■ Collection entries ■

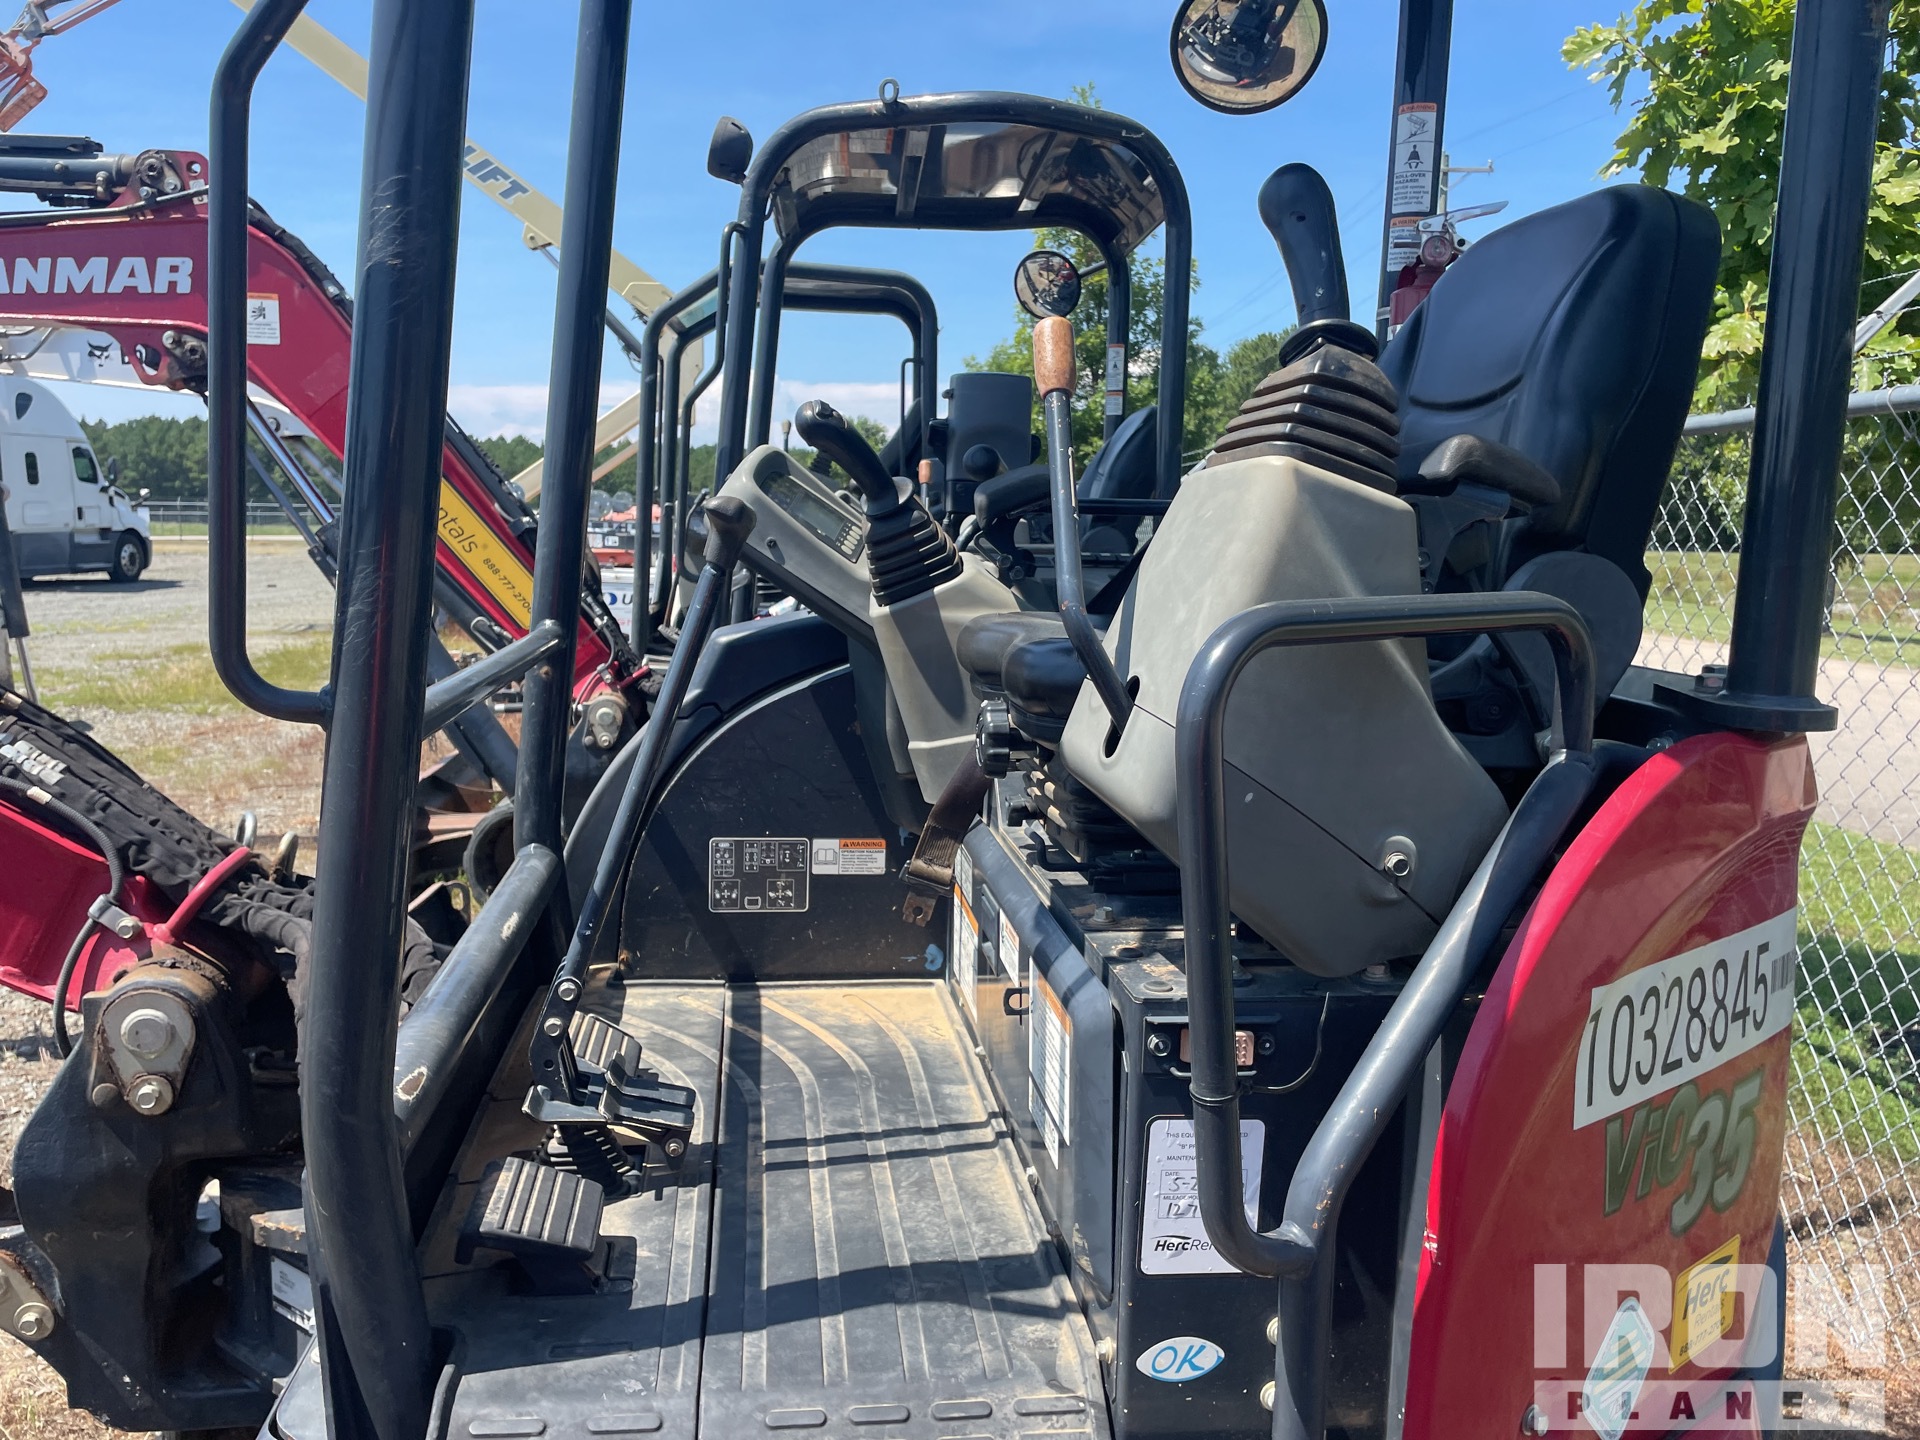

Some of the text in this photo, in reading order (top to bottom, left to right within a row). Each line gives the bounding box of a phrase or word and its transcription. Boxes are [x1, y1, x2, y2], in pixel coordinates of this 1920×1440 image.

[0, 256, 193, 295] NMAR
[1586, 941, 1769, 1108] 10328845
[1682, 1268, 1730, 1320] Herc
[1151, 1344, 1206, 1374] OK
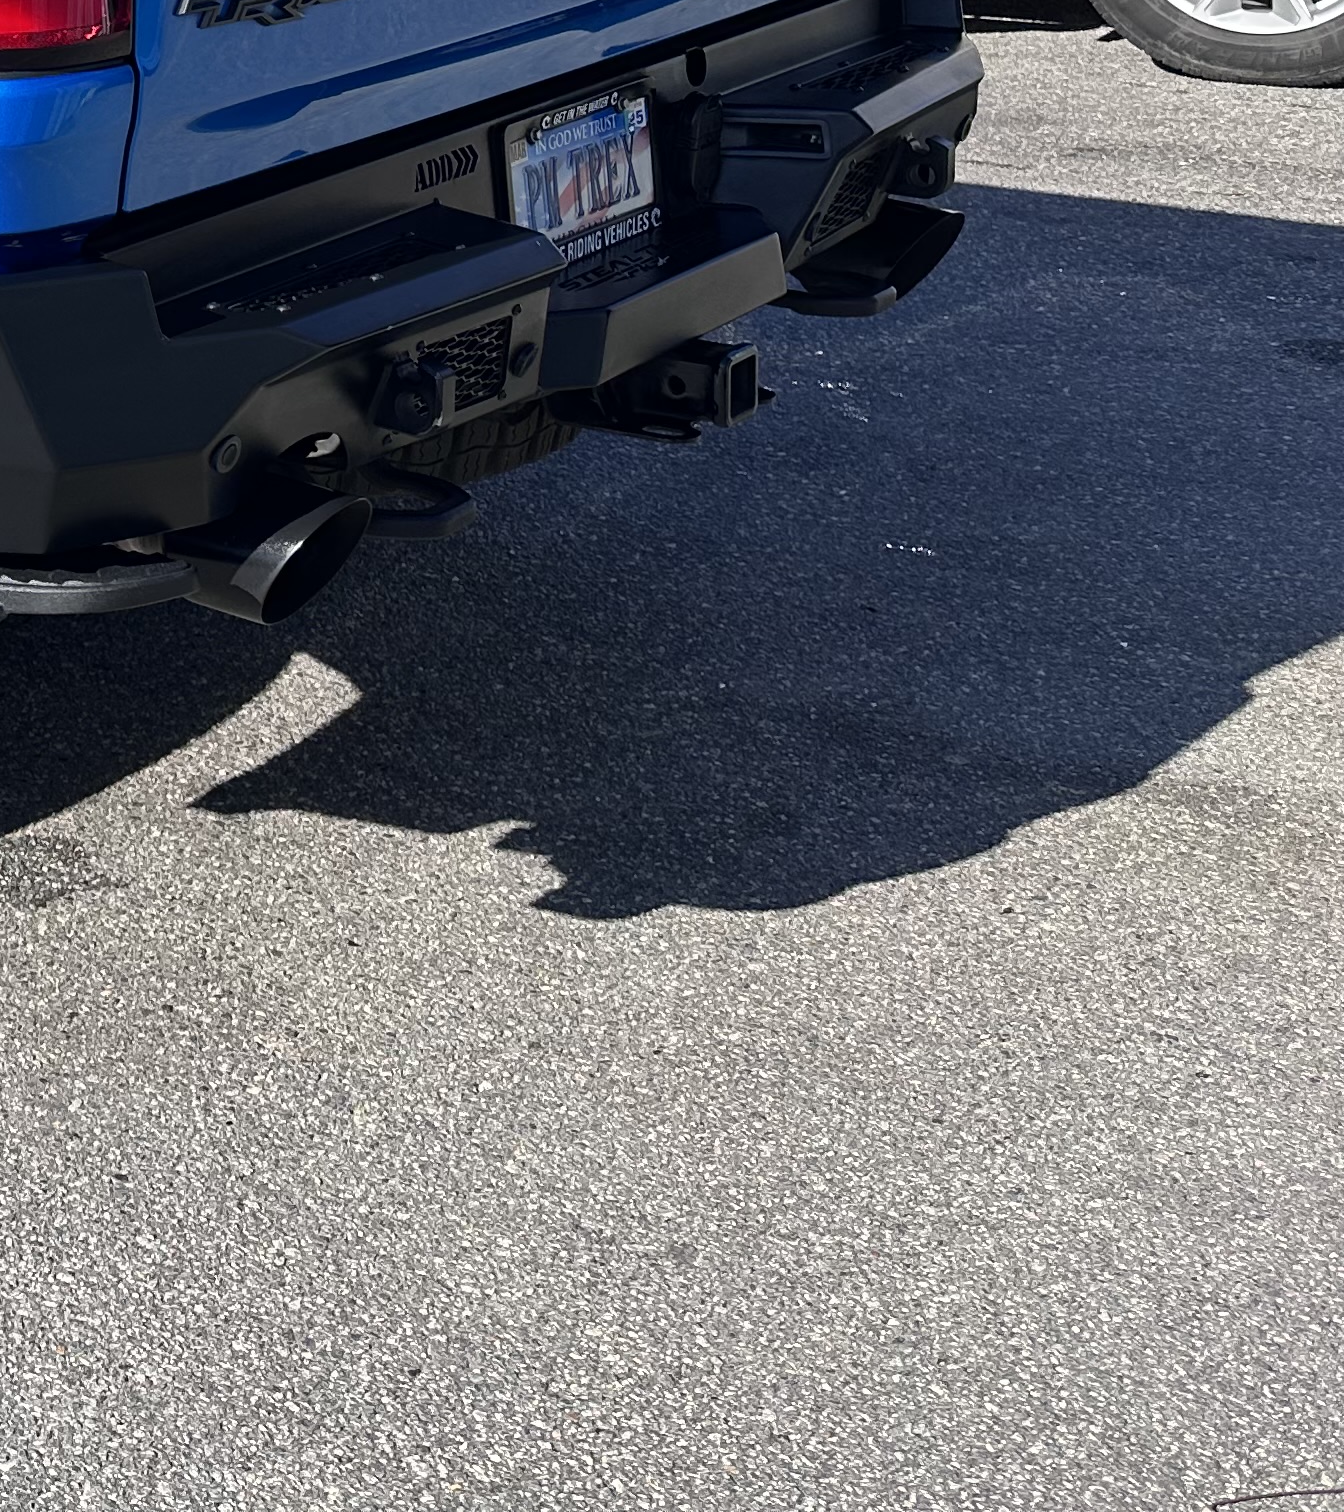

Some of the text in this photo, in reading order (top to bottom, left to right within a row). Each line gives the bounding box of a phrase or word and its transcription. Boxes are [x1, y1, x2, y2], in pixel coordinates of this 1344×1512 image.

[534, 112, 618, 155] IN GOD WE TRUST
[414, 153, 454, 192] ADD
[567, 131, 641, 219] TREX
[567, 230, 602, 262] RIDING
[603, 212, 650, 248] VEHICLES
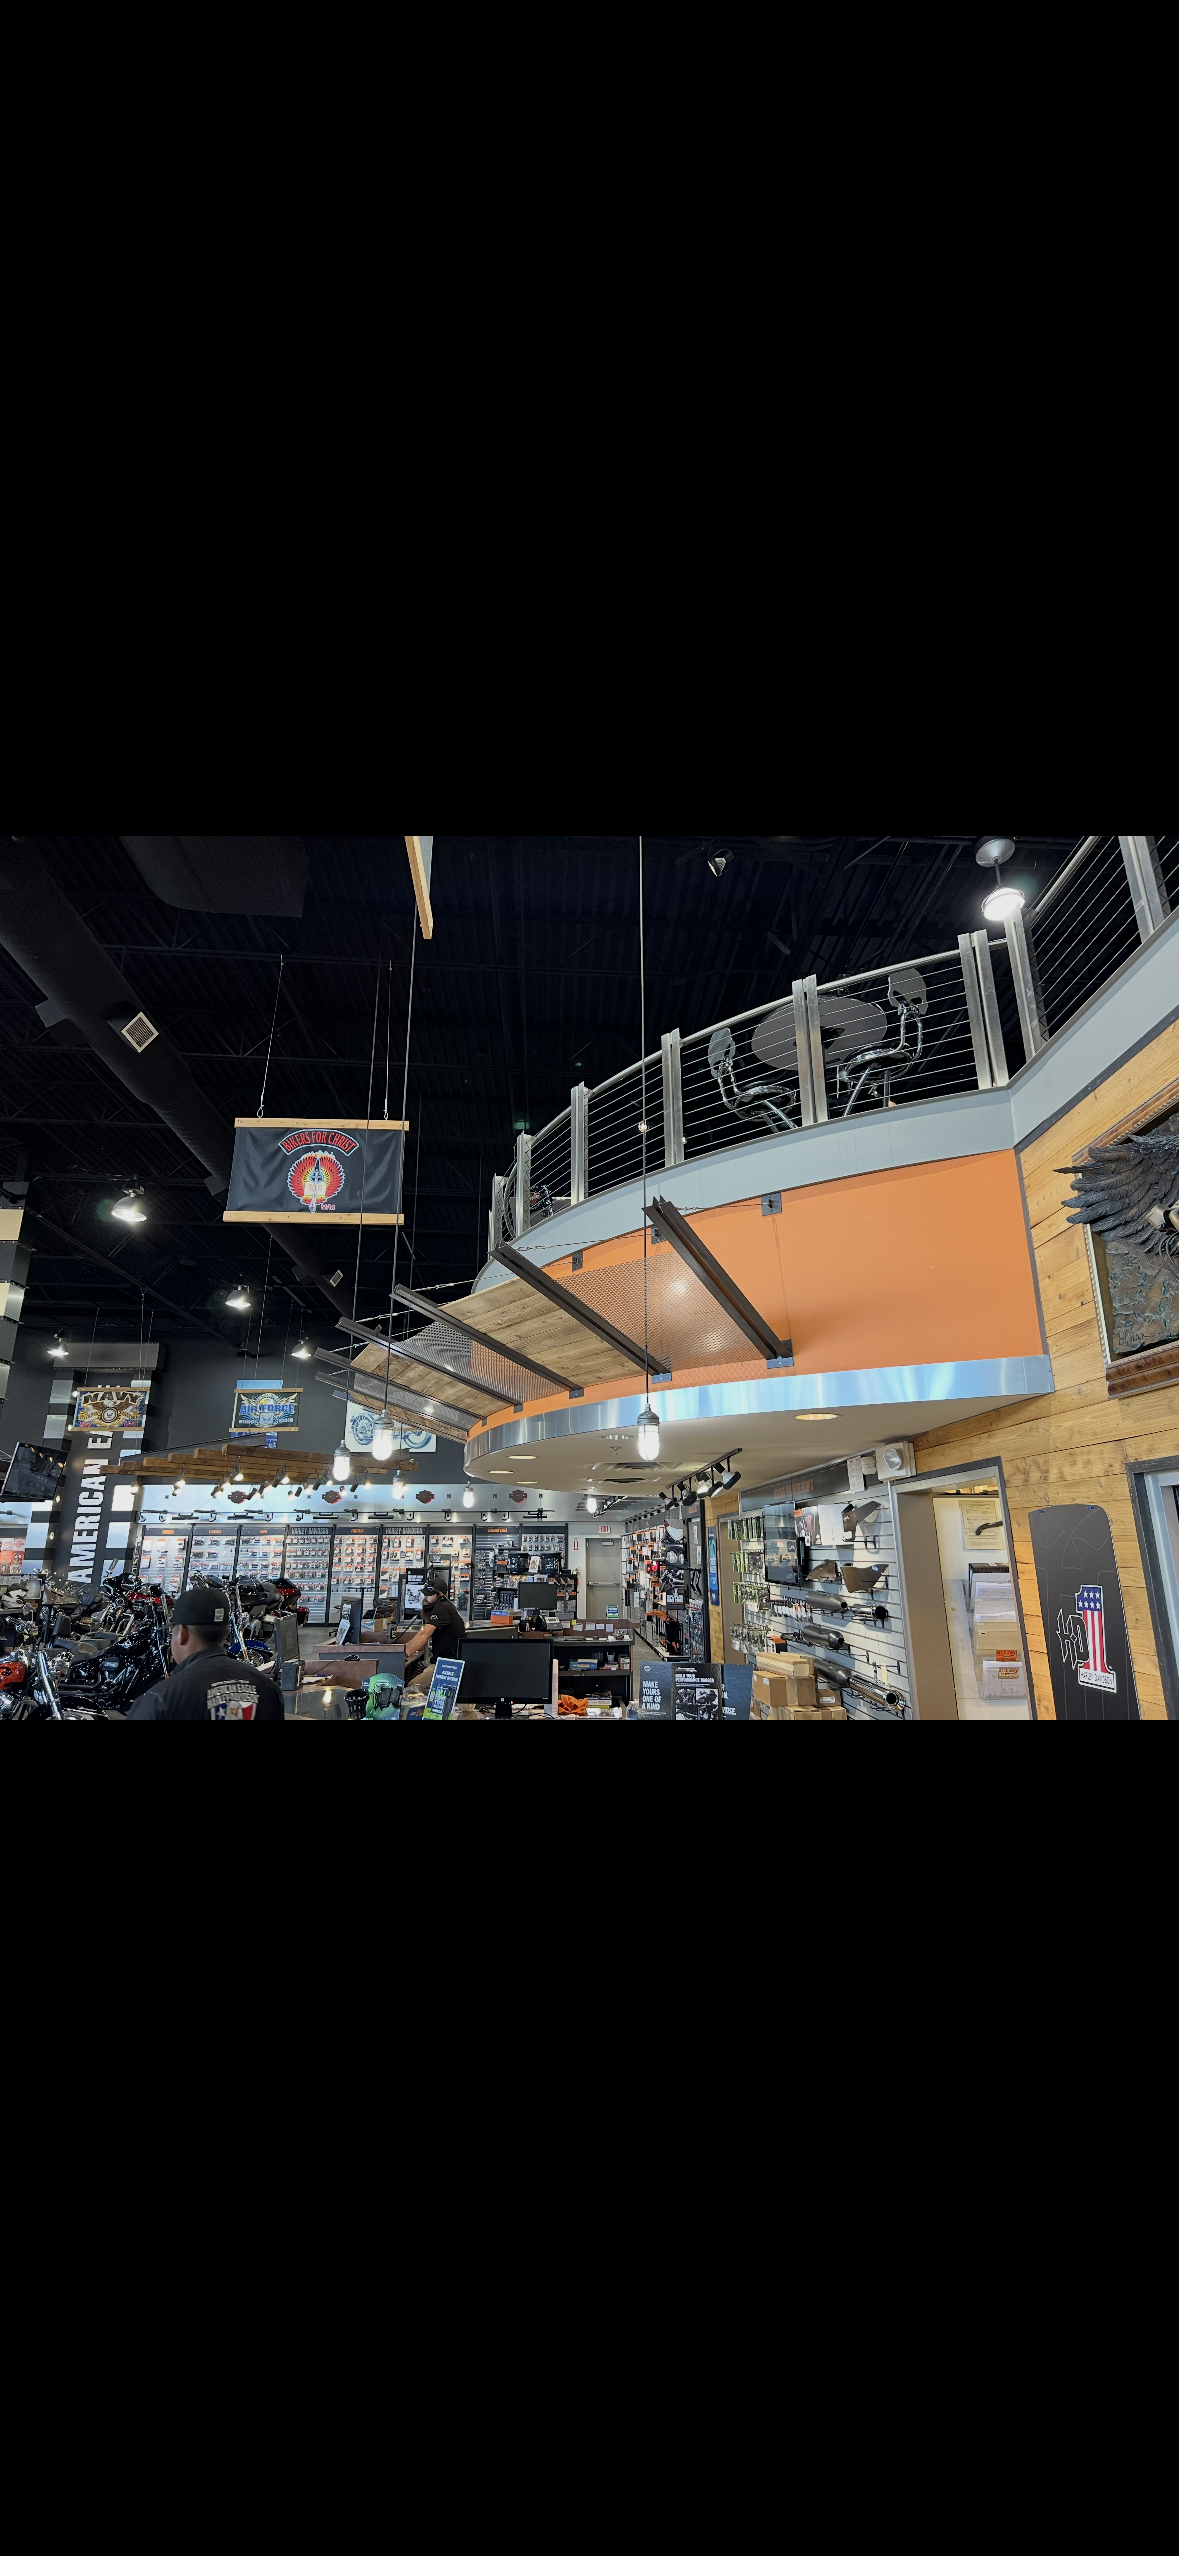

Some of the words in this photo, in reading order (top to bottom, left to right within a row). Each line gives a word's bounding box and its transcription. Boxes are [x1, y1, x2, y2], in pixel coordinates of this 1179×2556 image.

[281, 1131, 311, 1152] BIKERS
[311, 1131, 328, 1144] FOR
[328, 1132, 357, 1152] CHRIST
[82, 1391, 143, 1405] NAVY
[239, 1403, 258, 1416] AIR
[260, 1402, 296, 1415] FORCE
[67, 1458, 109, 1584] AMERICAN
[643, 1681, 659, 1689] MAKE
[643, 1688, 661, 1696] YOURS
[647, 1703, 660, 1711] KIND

■ Task prompt ■
Retype the data word for word, please, and keep the images out.

■ Solved problem ■
Some of the text in this photo, in reading order (top to bottom, left to right within a row). Each line gives the bounding box of a phrase or word and its transcription. Boxes are [x1, y1, x2, y2], in pixel coordinates of this 1920×1440 image.

[0, 256, 193, 295] NMAR
[1586, 941, 1769, 1108] 10328845
[1682, 1268, 1730, 1320] Herc
[1151, 1344, 1206, 1374] OK

Some of the text in this photo, in reading order (top to bottom, left to right within a row). Each line gives the bounding box of a phrase or word and its transcription. Boxes are [x1, y1, x2, y2], in pixel coordinates of this 1344×1512 image.

[534, 112, 618, 155] IN GOD WE TRUST
[414, 153, 454, 192] ADD
[567, 131, 641, 219] TREX
[567, 230, 602, 262] RIDING
[603, 212, 650, 248] VEHICLES

Some of the words in this photo, in reading order (top to bottom, left to right within a row). Each line gives a word's bounding box and its transcription. Boxes are [x1, y1, x2, y2], in pixel coordinates of this 1179×2556 image.

[281, 1131, 311, 1152] BIKERS
[311, 1131, 328, 1144] FOR
[328, 1132, 357, 1152] CHRIST
[82, 1391, 143, 1405] NAVY
[239, 1403, 258, 1416] AIR
[260, 1402, 296, 1415] FORCE
[67, 1458, 109, 1584] AMERICAN
[643, 1681, 659, 1689] MAKE
[643, 1688, 661, 1696] YOURS
[647, 1703, 660, 1711] KIND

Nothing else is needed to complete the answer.